James Madison’s well-known line from Federalist No. 51, “Ambition must be made to counteract ambition,” is often quoted without its crucial follow-up: “The interest of the man must be connected with the constitutional rights of the place.” Congress surely has ambitious members, but their ambition is not of the kind Madison envisioned. Today, most members of Congress—whether in the House or the Senate—are ambitious only in the pursuit of maintaining their status as B-list celebrities, seeking viral YouTube clips in committee hearings, cable news appearances, and social media engagement. To the extent that Congressmen are interested in doing their jobs, they are interested in securing their own seats and partisan majorities, rather than exercising the constitutional power of the legislative branch itself relative to other branches. Madison envisioned a functioning Congress where members would primarily tie their ambition to the constitutional power of their institution—not to narrow party interests.
“Today, modern presidents increasingly rule by executive order, echoing the very monarchical tendencies that the Anglo-American tradition rejected.”
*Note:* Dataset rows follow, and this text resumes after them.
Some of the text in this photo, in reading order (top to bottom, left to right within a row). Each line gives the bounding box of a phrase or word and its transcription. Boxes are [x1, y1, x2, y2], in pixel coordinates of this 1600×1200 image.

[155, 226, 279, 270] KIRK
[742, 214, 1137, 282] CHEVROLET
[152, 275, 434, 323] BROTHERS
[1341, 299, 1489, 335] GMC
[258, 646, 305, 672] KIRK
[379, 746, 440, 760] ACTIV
Congress was designed to jealously guard its powers from encroachment by the executive and judiciary. Due to its failure to do so, the institution has become hollow, and its members have become performative commentators rather than lawmakers. Over time, presidents of both parties have naturally expanded their power, filling the void left by a passive legislature. In fact, the increasing assertiveness of both Biden and Trump in testing the limits of their authority is, paradoxically, a healthier sign for the ambition of their own branch than an enfeebled Congress that refuses to wield its own constitutional powers and balance that of the executive.
Americans who are unhappy with today’s politics should be primarily focused on fixing Congress. Article I of the Constitution makes Congress the most representative branch of government—far more than the executive or judiciary. The people’s direct influence is best exercised through Congress, which was designed to deliberate, negotiate, and legislate on their behalf. If anything, the Founders expected that in “republican government, the legislative authority necessarily predominates,” as Hamilton wrote in Federalist No. 51.
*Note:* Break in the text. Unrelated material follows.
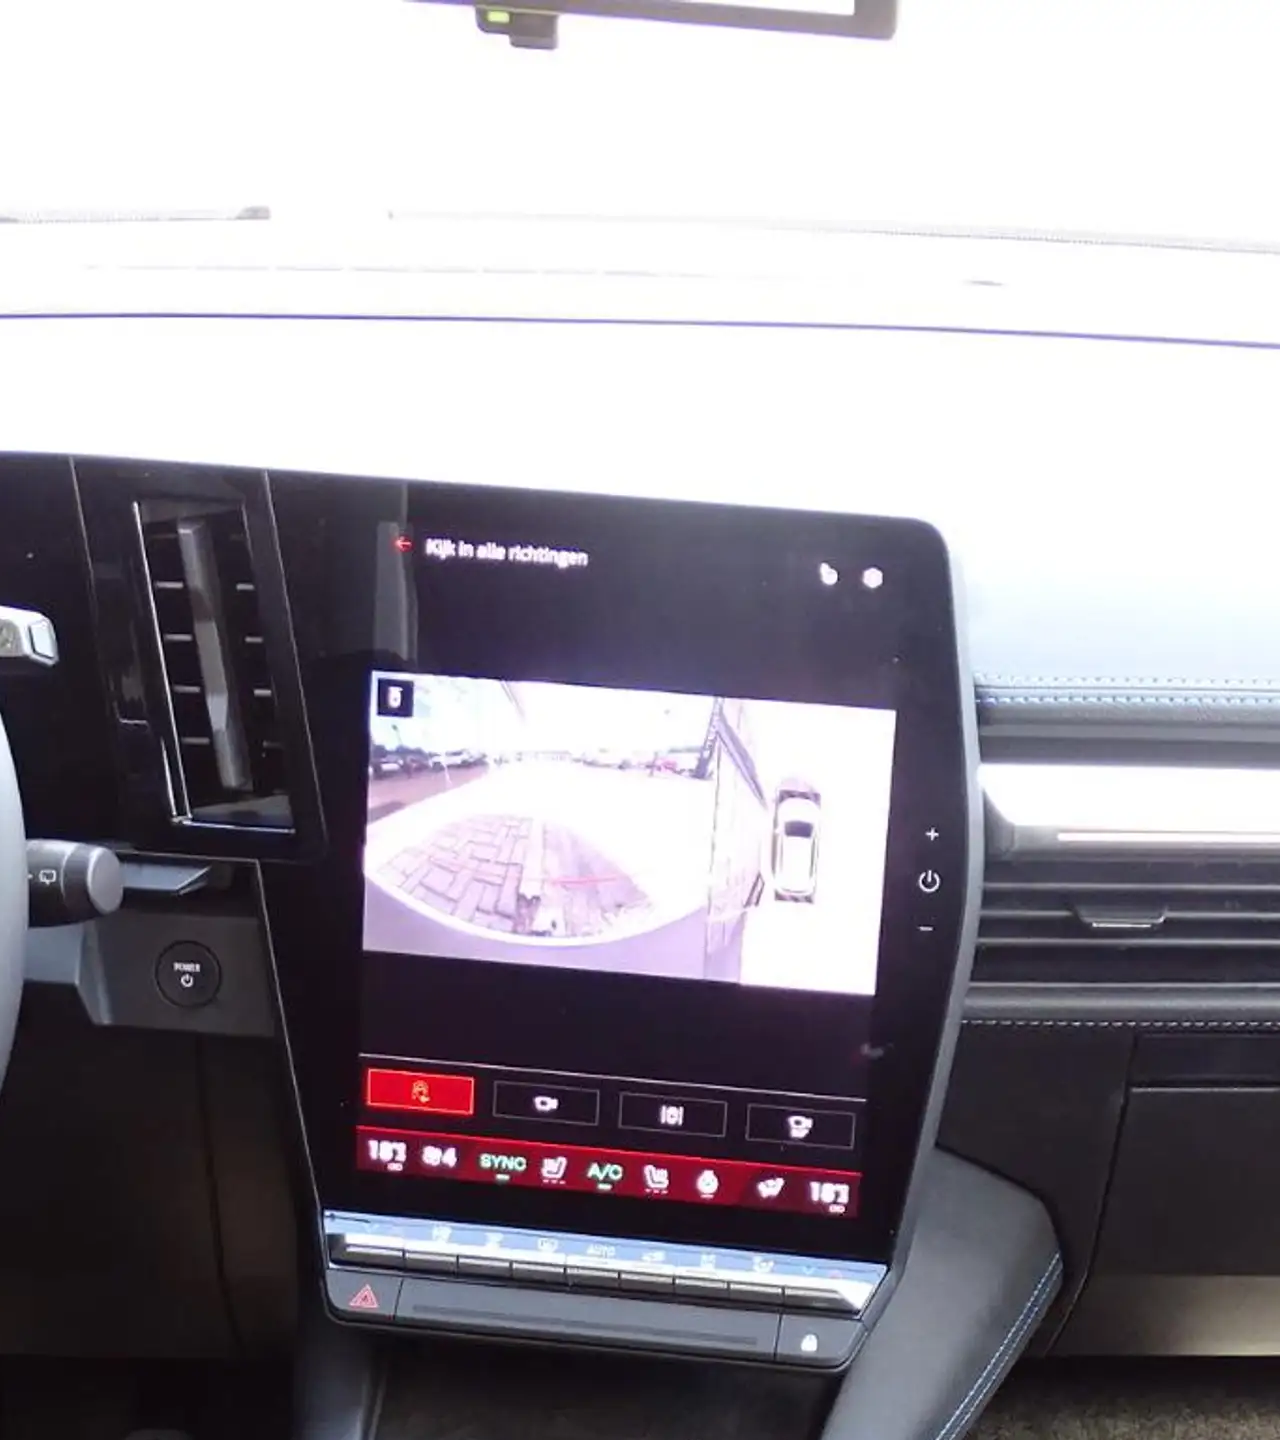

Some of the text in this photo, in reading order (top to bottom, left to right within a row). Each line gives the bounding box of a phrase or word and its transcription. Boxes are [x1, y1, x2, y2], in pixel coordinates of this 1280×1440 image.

[426, 538, 589, 569] Kijk in alle richtingen
[479, 1153, 527, 1172] SYNC
[587, 1162, 623, 1181] A/C
The demand for an assertive legislature is as American as apple pie. The American Revolution was fought primarily over the colonies’ lack of legislative power. “Taxation Without Representation” was not so much an accusation against a foreign British power—most colonists descended from English settlers—but against their lack of representation in the British parliament. Colonists inherited the Whig insistence on a parliament that held in check the executive power. Yet today, modern presidents increasingly rule by executive order, echoing the very monarchical tendencies that the Anglo-American tradition rejected.
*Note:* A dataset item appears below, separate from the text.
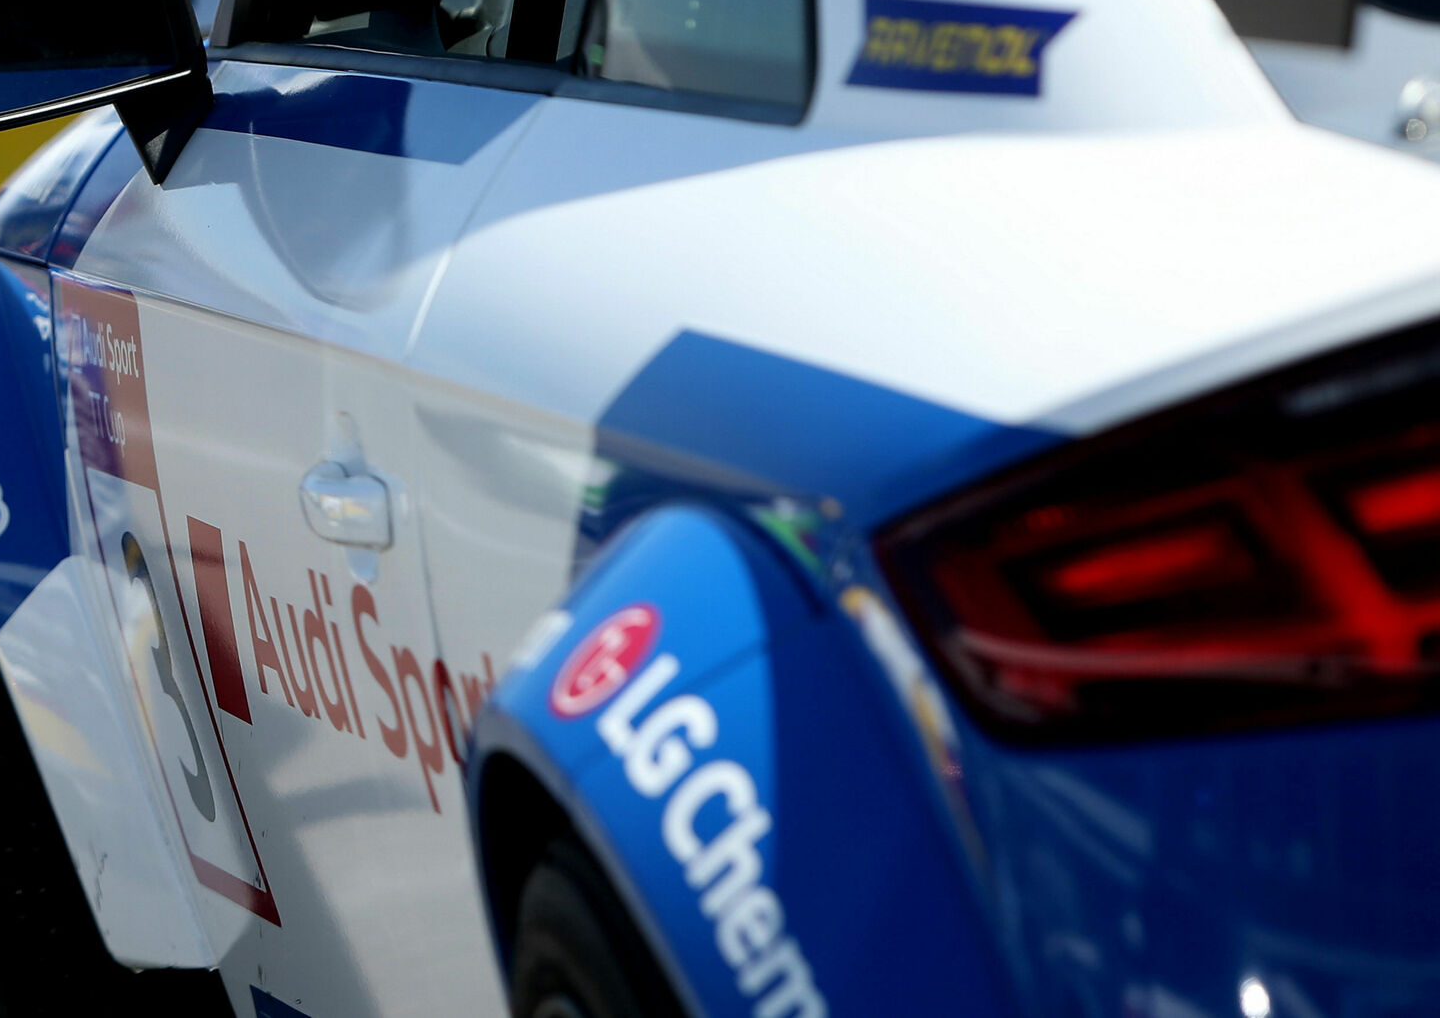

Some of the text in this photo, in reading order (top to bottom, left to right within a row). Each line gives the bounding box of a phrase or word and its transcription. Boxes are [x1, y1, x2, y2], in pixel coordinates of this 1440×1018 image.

After the revolutionary war, the Founders did not fear that the greatest threat to liberty would come from a new king, but from majority tyranny emanating from Congress. Madison warned that Congress could draw “all power into its impetuous vortex” of popular passion. Rather than being the majoritarian threat they envisioned, today’s legislature is weak and enfeebled. Our Founders would be astonished to see how much power has shifted away from it. A rediscovery of our revolutionary principles is needed to reaffirm the centrality of Congress.
Today’s Congress has become perhaps the least respected institution in America. According to Pew Research, it is even less popular than media and universities, sitting at 26 percent. This decline is not because Democrats and Republicans need to change their political ideologies but because they need to demand that their representative body exercise real power. Voters ought to see themselves as partisans for the branch most representative of them—their Congress. Until then, future presidents and courts appointed by both parties will continue to expand their power—at the people’s expense.